+++ Recorded data +++

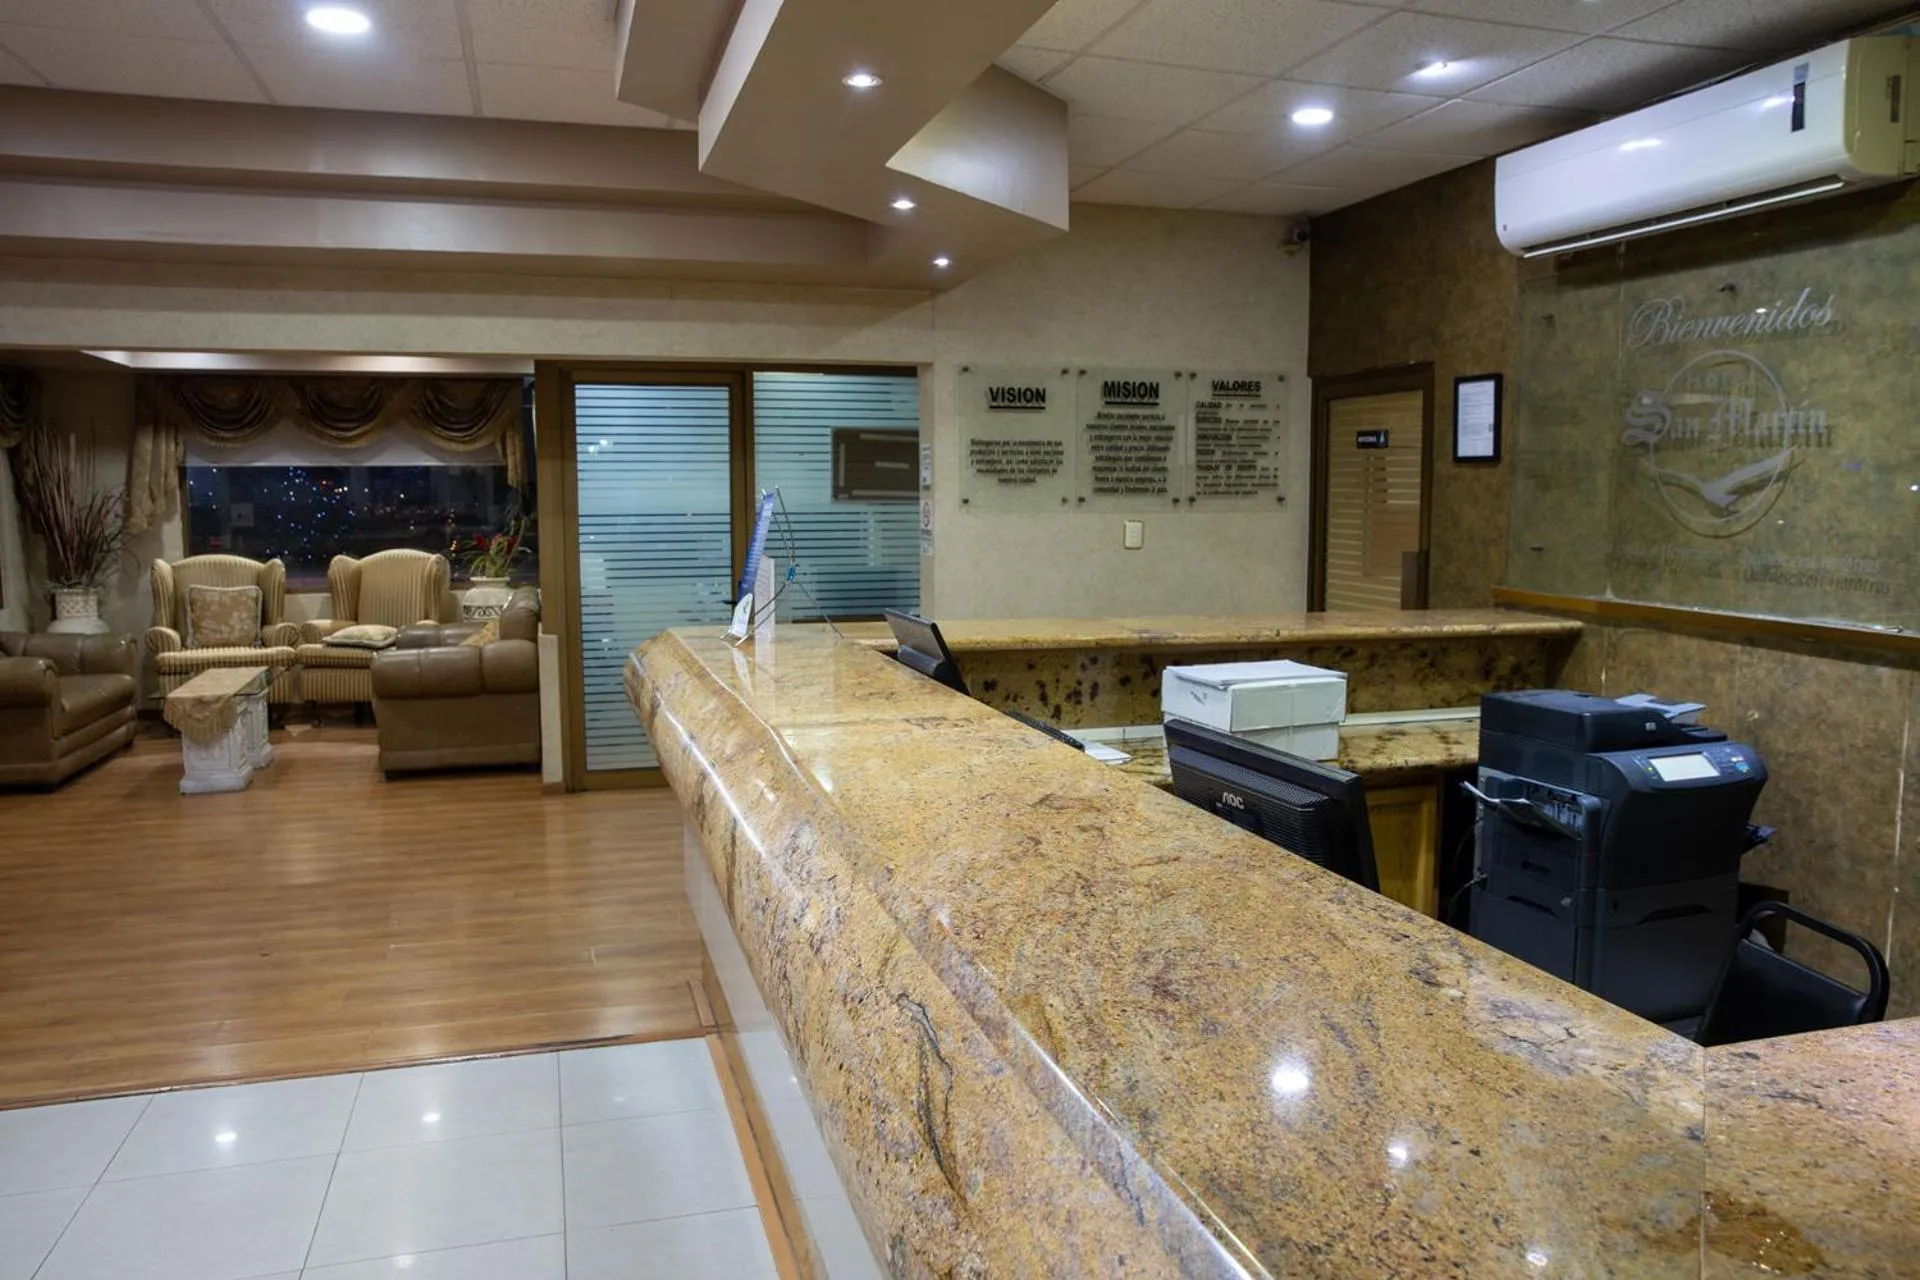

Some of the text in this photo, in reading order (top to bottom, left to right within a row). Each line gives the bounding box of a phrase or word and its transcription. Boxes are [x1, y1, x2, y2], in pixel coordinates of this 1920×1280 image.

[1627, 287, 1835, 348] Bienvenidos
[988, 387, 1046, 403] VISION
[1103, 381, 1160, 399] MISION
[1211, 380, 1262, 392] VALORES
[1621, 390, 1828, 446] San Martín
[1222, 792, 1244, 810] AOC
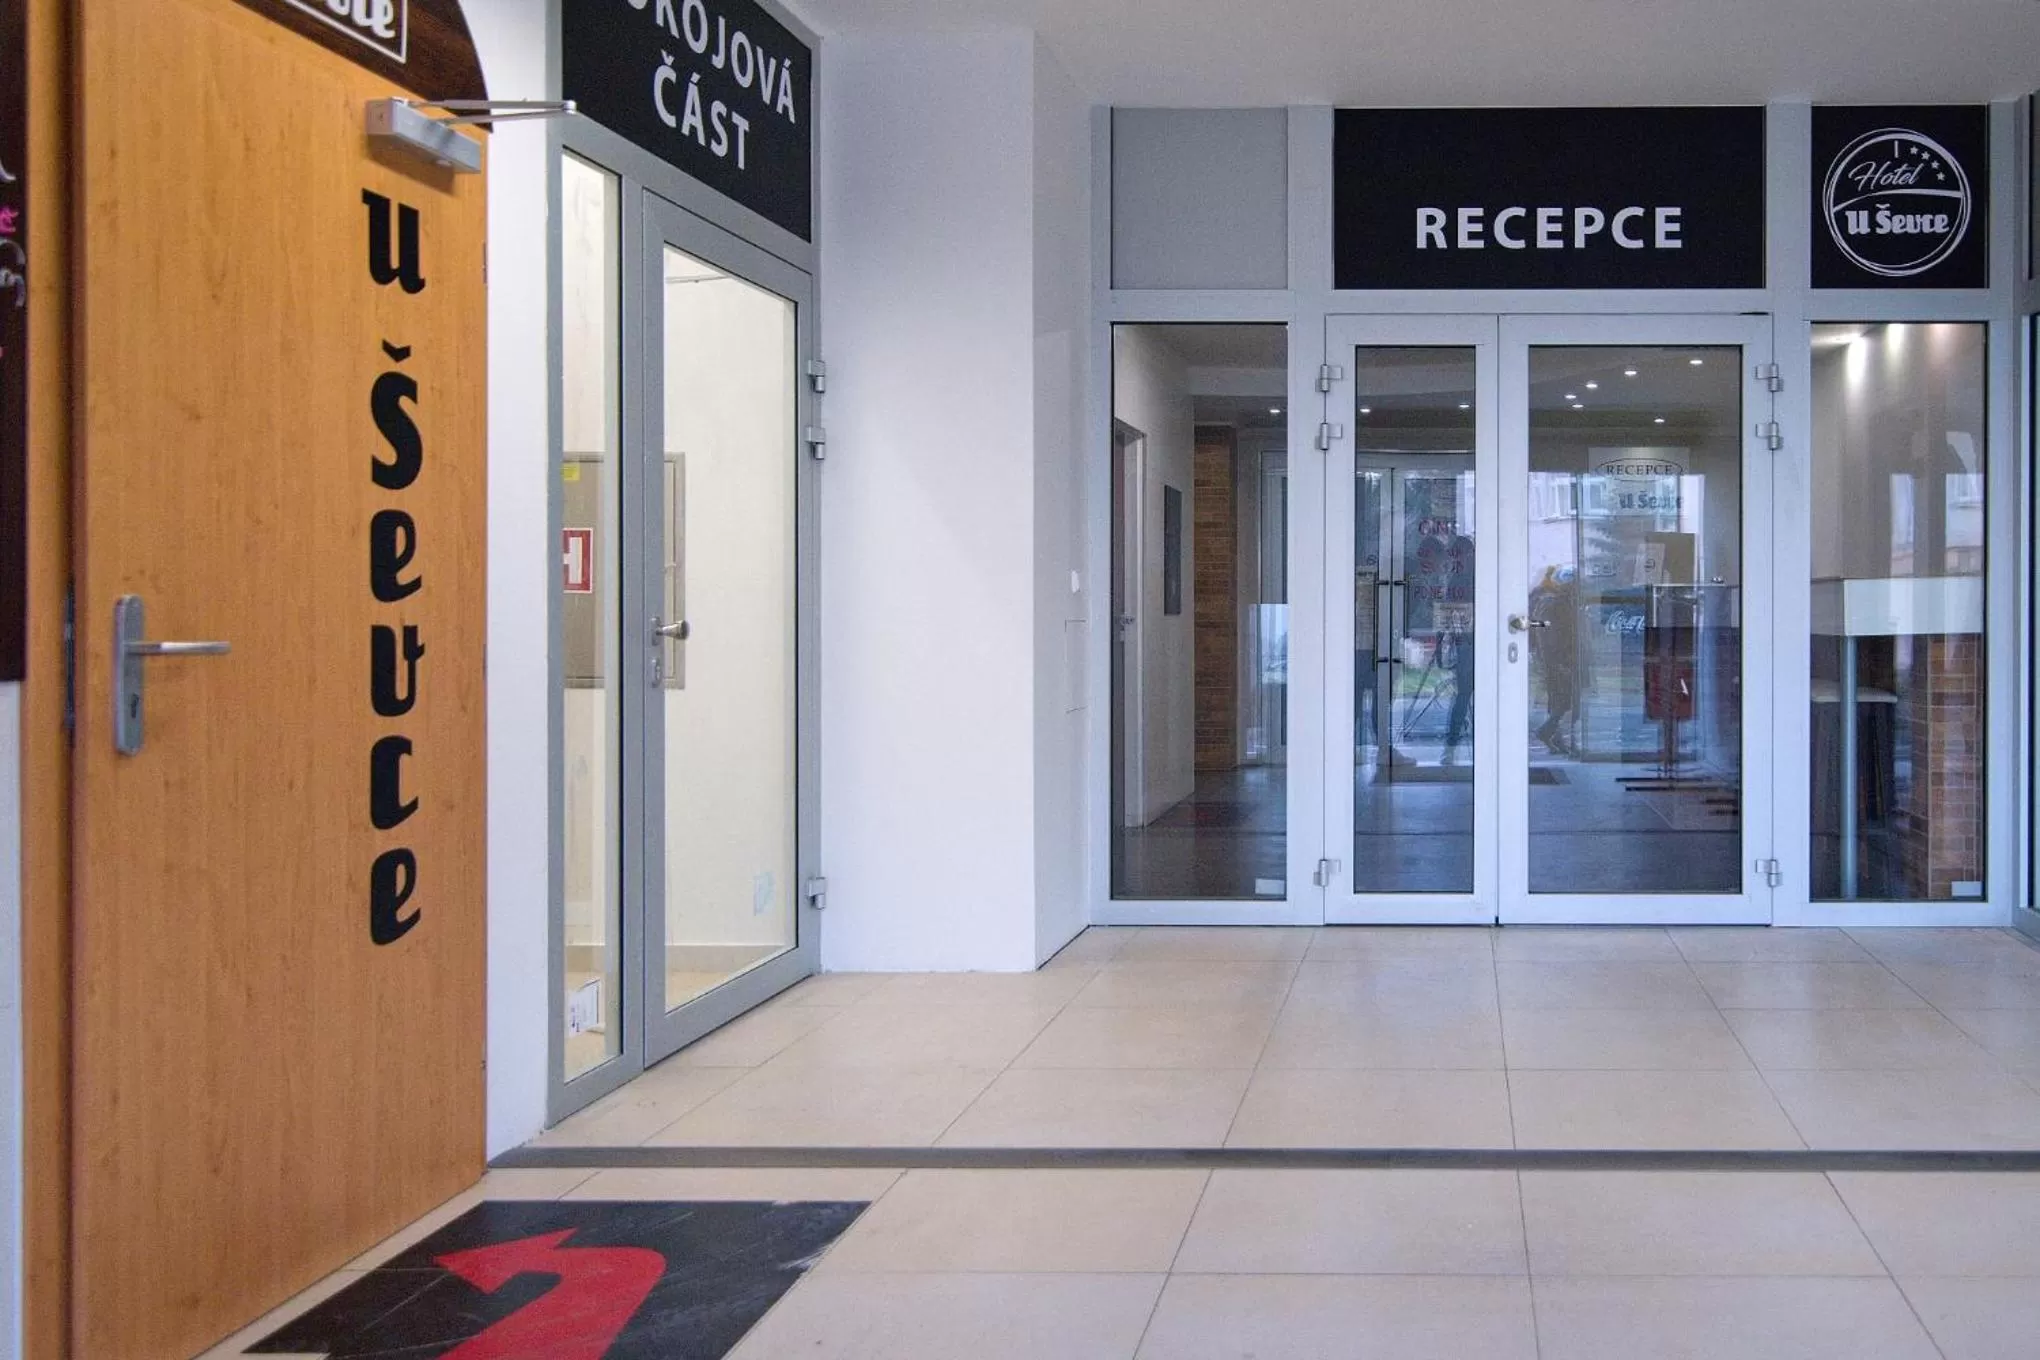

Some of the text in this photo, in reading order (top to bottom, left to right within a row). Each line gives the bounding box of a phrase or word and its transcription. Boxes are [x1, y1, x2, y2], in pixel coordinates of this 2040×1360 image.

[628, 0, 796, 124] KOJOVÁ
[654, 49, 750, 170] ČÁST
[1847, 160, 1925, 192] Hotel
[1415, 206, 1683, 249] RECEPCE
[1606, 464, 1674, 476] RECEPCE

+++

What to produce → Exclude the pictures, then write out every record exactly as it stands.

Result →
Some of the text in this photo, in reading order (top to bottom, left to right within a row). Each line gives the bounding box of a phrase or word and its transcription. Boxes are [x1, y1, x2, y2], in pixel coordinates of this 1920×1280 image.

[1627, 287, 1835, 348] Bienvenidos
[988, 387, 1046, 403] VISION
[1103, 381, 1160, 399] MISION
[1211, 380, 1262, 392] VALORES
[1621, 390, 1828, 446] San Martín
[1222, 792, 1244, 810] AOC

Some of the text in this photo, in reading order (top to bottom, left to right within a row). Each line gives the bounding box of a phrase or word and its transcription. Boxes are [x1, y1, x2, y2], in pixel coordinates of this 2040×1360 image.

[628, 0, 796, 124] KOJOVÁ
[654, 49, 750, 170] ČÁST
[1847, 160, 1925, 192] Hotel
[1415, 206, 1683, 249] RECEPCE
[1606, 464, 1674, 476] RECEPCE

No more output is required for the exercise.